In 1684 and 1685 farthings made of tin with a small central copper plug were produced – they weighed 5.4–6.0 grams and had a diameter of 23–24 millimetres, and had the same inscriptions as the copper farthings. Very few 1685 farthings were produced because the king died on 8 February 1684, in the Old-Style calendar (i.e. 18 February 1685 in the "New-Style" calendar adopted by the British Empire in 1752; in the old style, 24 March 1684 would be followed by 25 March 1685, New Year's Day). The tin farthings had an inscription NVMMORVM FAMVLVS – a subsidiary coinage – plus the date on the edge rather than on the reverse.

For the reign of king James II, the copper-plugged tin farthings continued to be produced, with examples dated in all years between 1684 and 1687. The obverse had a right-facing bust of the king, with the inscription IACOBVS SECVNDVS – James the Second—while the reverse showed the left-facing seated Britannia, with the inscription BRITANNIA, and the inscription NVMMORVM FAMVLVS and the date on the edge of the coin.

Tin farthings continued to be produced for the first few years of the joint reign of William III and Mary II, being dated 1689–1692, but the coins were rapidly becoming unpopular as the problems of the corrosion of tin became apparent.

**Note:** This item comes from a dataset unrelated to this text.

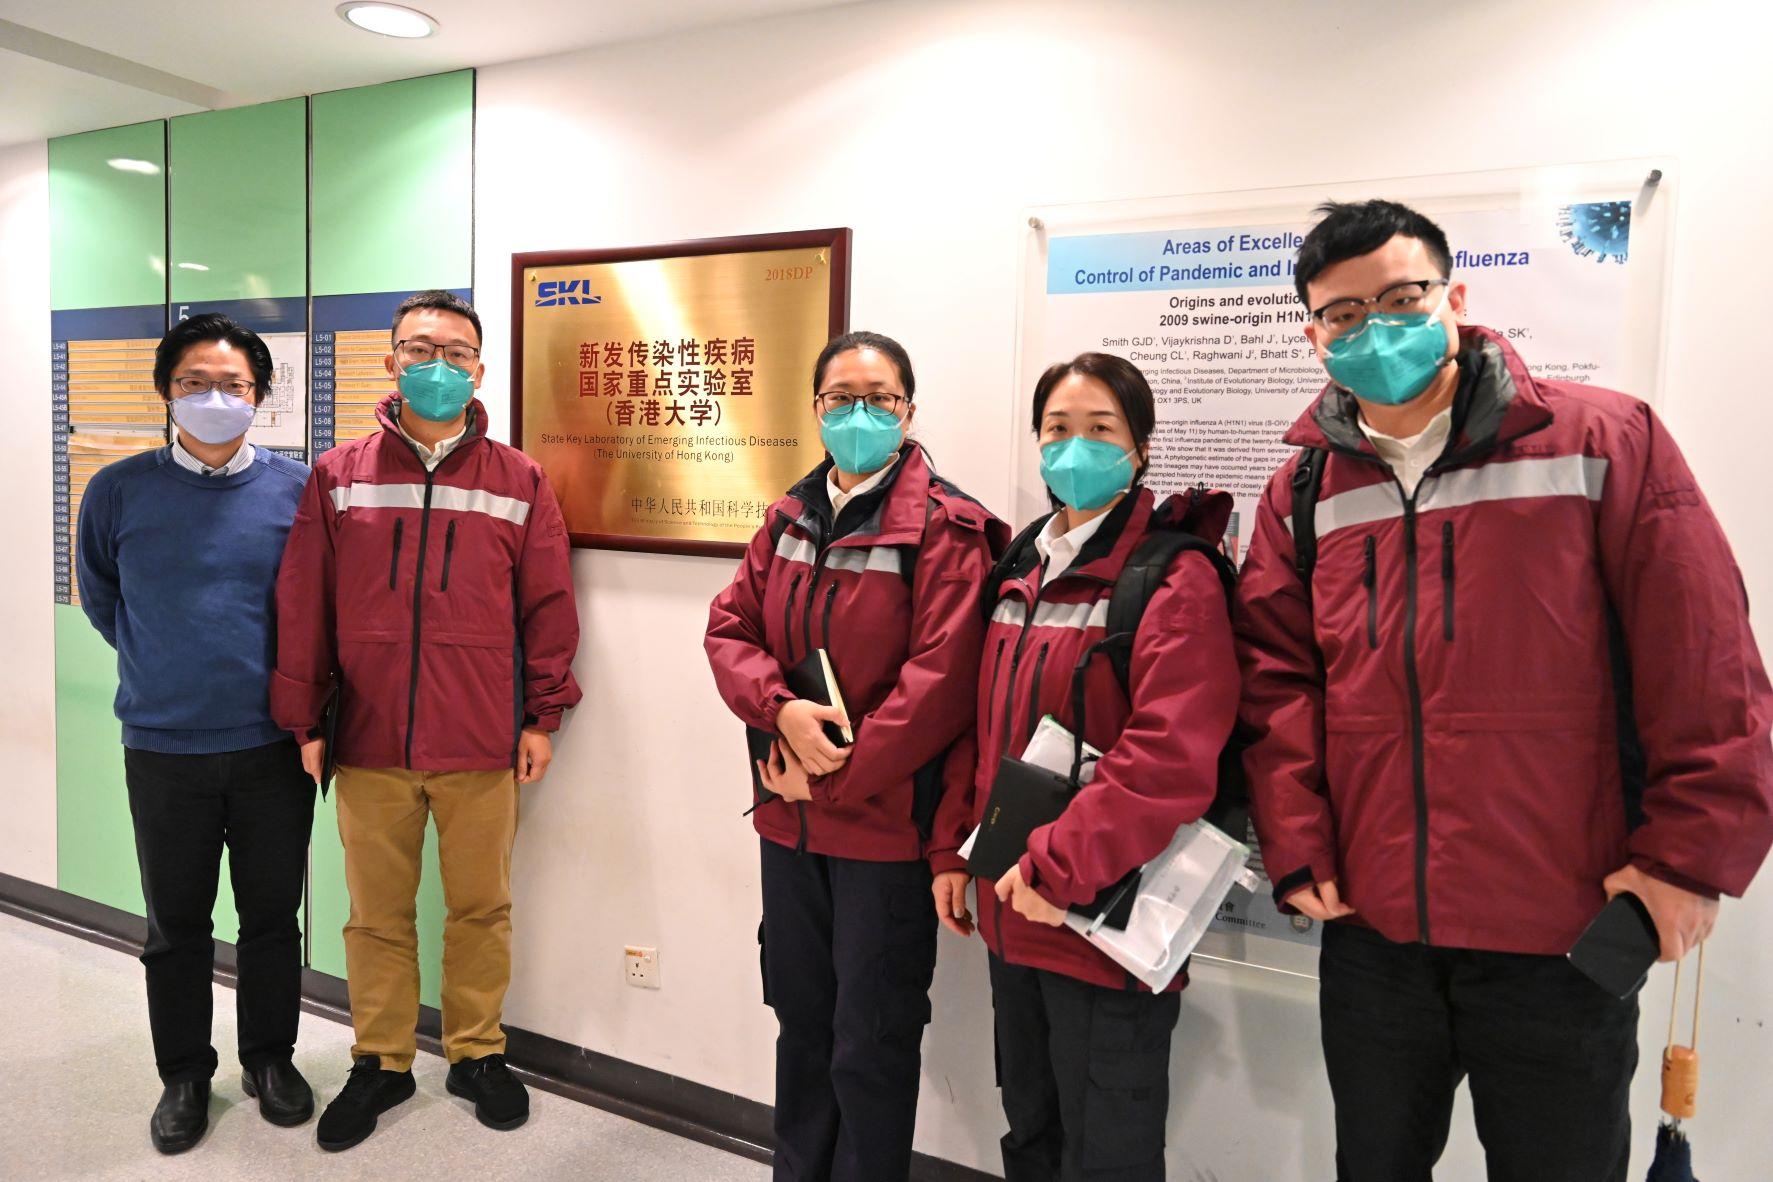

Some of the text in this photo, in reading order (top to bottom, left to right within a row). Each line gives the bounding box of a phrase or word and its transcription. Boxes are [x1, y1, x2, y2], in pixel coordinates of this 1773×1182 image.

In 1693 and 1694 copper farthings were produced again, weighing 4.7–6.2 grams and with a diameter of 22–25 millimetres. In both issues, the obverse shows the conjoined heads of the co-monarchs, with the inscription GVLIELMVS ET MARIA.

Following the death of Queen Mary in 1694, the production of coins continued under the same contract as before, with farthings of King William III being produced for all years between 1695 and 1700. However it soon became apparent that the manufacturers were economising on expenses – cheap labour was being used, including foreigners some of whom could not spell the king's name which they were engraving on the dies. By 1698 there was a glut of copper coinage and an Act was passed to stop the coining for one year; this seems to have had little effect and the proliferation continued. There were further Parliamentary attempts to control the glut of coinage later.